Rethinking Our Health: Why it matters

Our CEO explores why rethinking health matters now more than ever and how community-powered approaches can reshape the future of healthcare.
The moment that sparked a quiet revolution
In the summer of 2022, we were deeply inspired by a document from New Local – A Community-Powered NHS co-authored by Adam Lent, Grace Pollard and Jessica Studdert. The principles of community powered health were a clarion call for Here, triggering a quiet revolution in how we delivered our services.

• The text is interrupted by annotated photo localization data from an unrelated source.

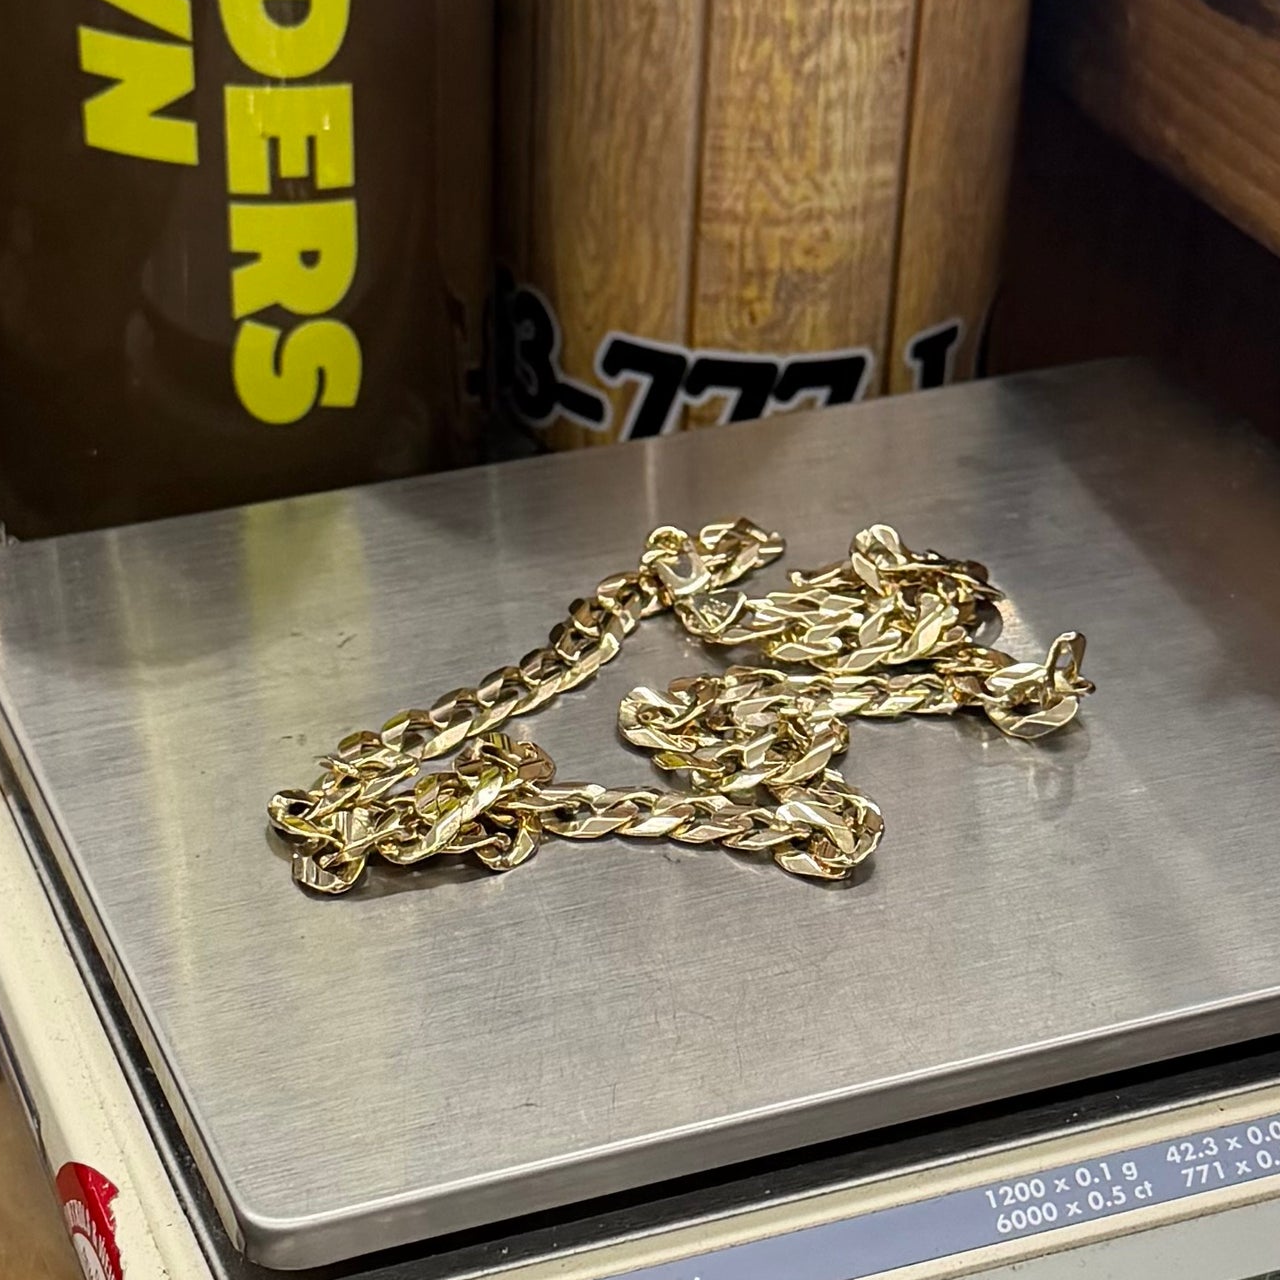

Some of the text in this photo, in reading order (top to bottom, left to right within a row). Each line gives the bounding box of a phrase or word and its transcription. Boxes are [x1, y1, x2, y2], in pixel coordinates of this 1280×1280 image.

[985, 1177, 1046, 1210] 1200
[1054, 1176, 1070, 1193] x
[1075, 1162, 1112, 1188] 0.1
[1122, 1160, 1138, 1181] g
[1166, 1137, 1219, 1165] 42.3
[1226, 1136, 1242, 1152] x
[996, 1201, 1059, 1234] 6000
[1067, 1201, 1082, 1218] x
[1088, 1188, 1127, 1213] 0.5
[1134, 1180, 1153, 1200] ct
[1180, 1161, 1225, 1189] 771
[1235, 1160, 1252, 1176] x
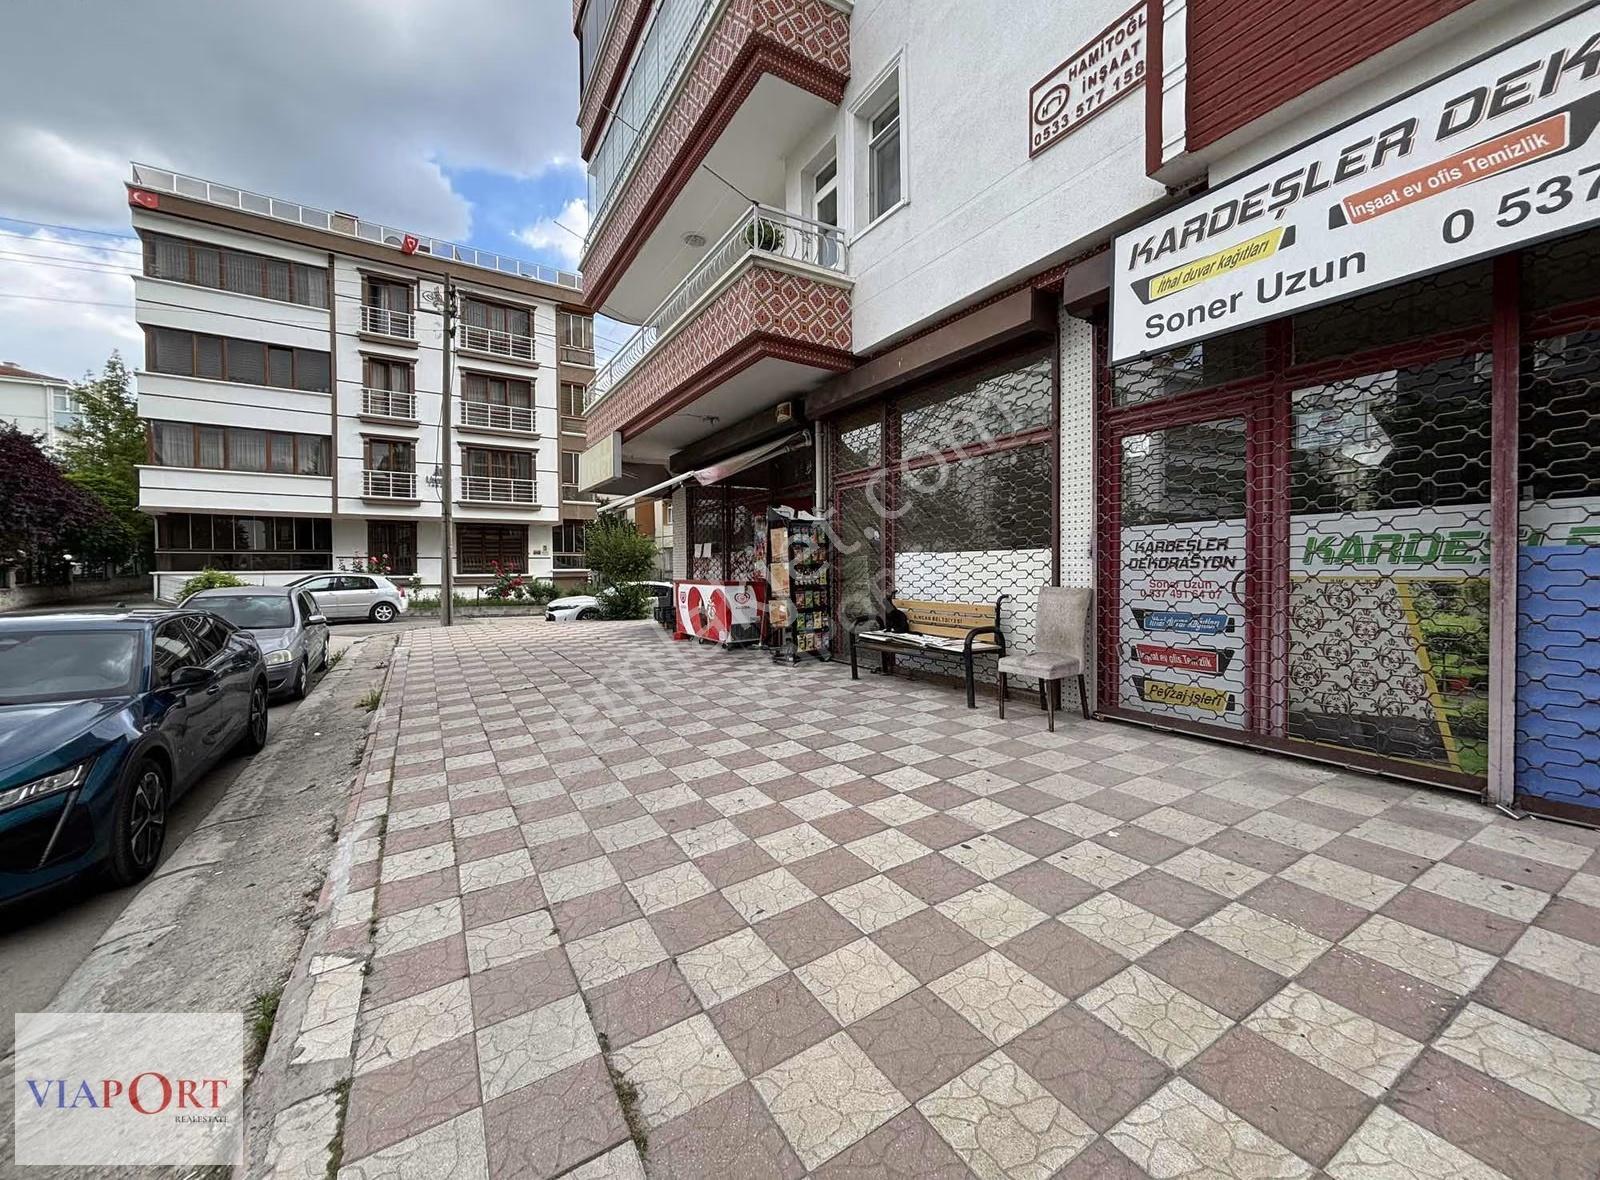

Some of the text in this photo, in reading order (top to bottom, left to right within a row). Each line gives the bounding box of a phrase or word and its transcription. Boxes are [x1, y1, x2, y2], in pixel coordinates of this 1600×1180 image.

[1082, 39, 1141, 94] İNŞAAT
[1034, 60, 1144, 147] 0533 577 158
[1128, 117, 1419, 271] KARDEŞLER
[1349, 133, 1549, 218] İnşaat ev ofis Temizlik
[1442, 163, 1600, 244] 0 537
[1145, 251, 1366, 339] Soner Uzun
[1182, 261, 1215, 285] duvar
[1217, 239, 1269, 273] kağıtları
[1129, 556, 1237, 569] DEKORASYON
[1208, 590, 1222, 599] 07
[1149, 684, 1188, 702] Peyzaj

A series of conversations in our clinical teams led to a series of startling innovations across our services, that New Local helped us to take to a wider audience. Our Community Appointment Days approach pioneered in the spring of 2023 is now unquestionably one of our most impactful innovations in delivering healthcare services. More than 120 providers across the UK have now engaged with Community Appointment Days – either adopting the model or actively exploring how to replicate it, changing our expectations of where and how healthcare should be delivered. So, when Adam says what he has written now is the most important thing since then, it’s time for us to take a look.
A healthcare approach based on traditional telling, doing, treating needs a radical rethink
Doing with, not doing to
Doing With: Reinventing Public Services In A Time Of Crisis | The King’s Fund speaks clearly to the challenge of our time – and today we are already in lock step with the approach outlined. Since the earliest days of our services for people with long term conditions we have built in patient leadership. Our staff now known as ‘Health Builders’ are a critical part of our infrastructure – people with lived experience who design and deliver services with the community, enabling the ‘do with’ approach that is so critical to our wider public service reform.

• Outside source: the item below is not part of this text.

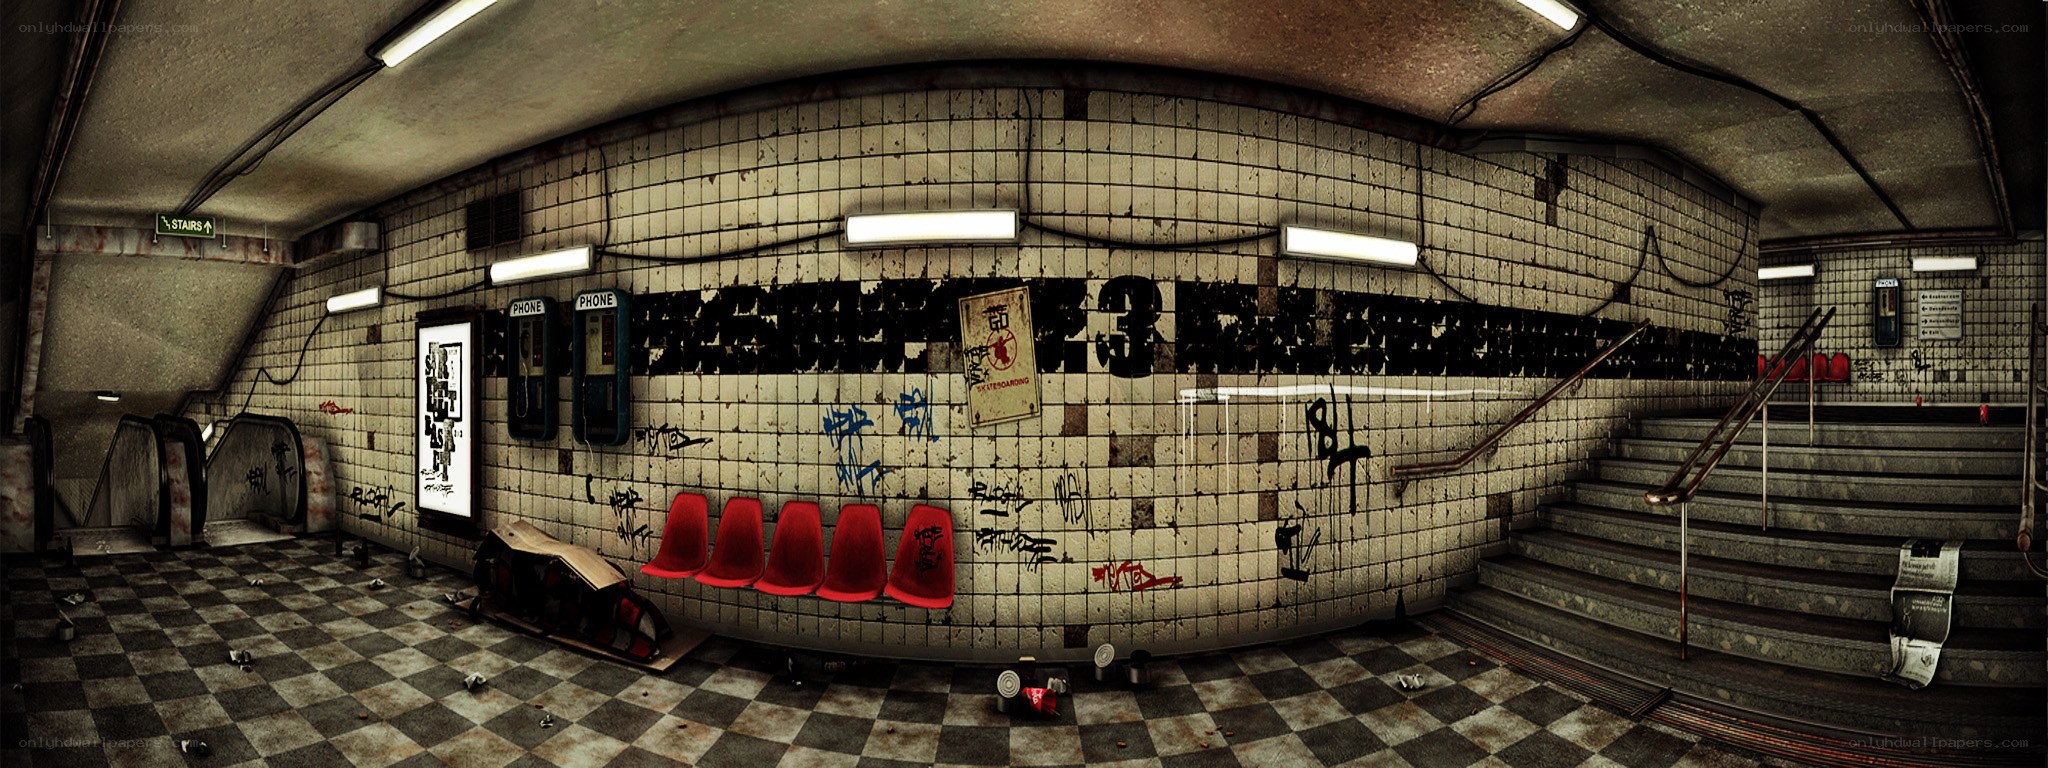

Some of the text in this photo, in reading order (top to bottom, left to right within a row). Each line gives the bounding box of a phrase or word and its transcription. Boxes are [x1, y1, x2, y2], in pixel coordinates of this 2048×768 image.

Why healthcare needs a rethink
Nowhere is this more critical than in healthcare. Given 80% of the determinants of health are not related to access to healthcare, a healthcare approach based on traditional telling, doing, treating needs a radical rethink – particularly when it comes to the upstream shift to prevention set out in the ten-year plan. Now, compared to when the NHS was founded, 65% of NHS spending is on long term health conditions.

From treatment to management
What this means is the treatment paradigm needs to shift. For at least 65% of the time, we need to be focused on and enabling ‘management’ over treatment. That means a deep collaboration – led by the citizen, to understand how they want to manage their health condition and integrate this management approach into their daily life, to make sure they have the life that matters to them.
The language of healthcare: time for a rewrite
This frame does not feel shocking to me, and yet the implicit rules that underpin how we deliver healthcare suggest that this approach will be deeply radical. Nowhere is this more present than in the language we use to describe healthcare interactions. We ‘consult, prescribe, treat, review, discharge’. Patients ‘wait, present, comply, disengage or DNA’. We talk in acronyms and euphemisms, about CVD, COPD, CVA, about activation levels, health literacy, risk factors and the ‘hard to reach’.
We treat episodically, with little view of the whole person or their whole lifespan.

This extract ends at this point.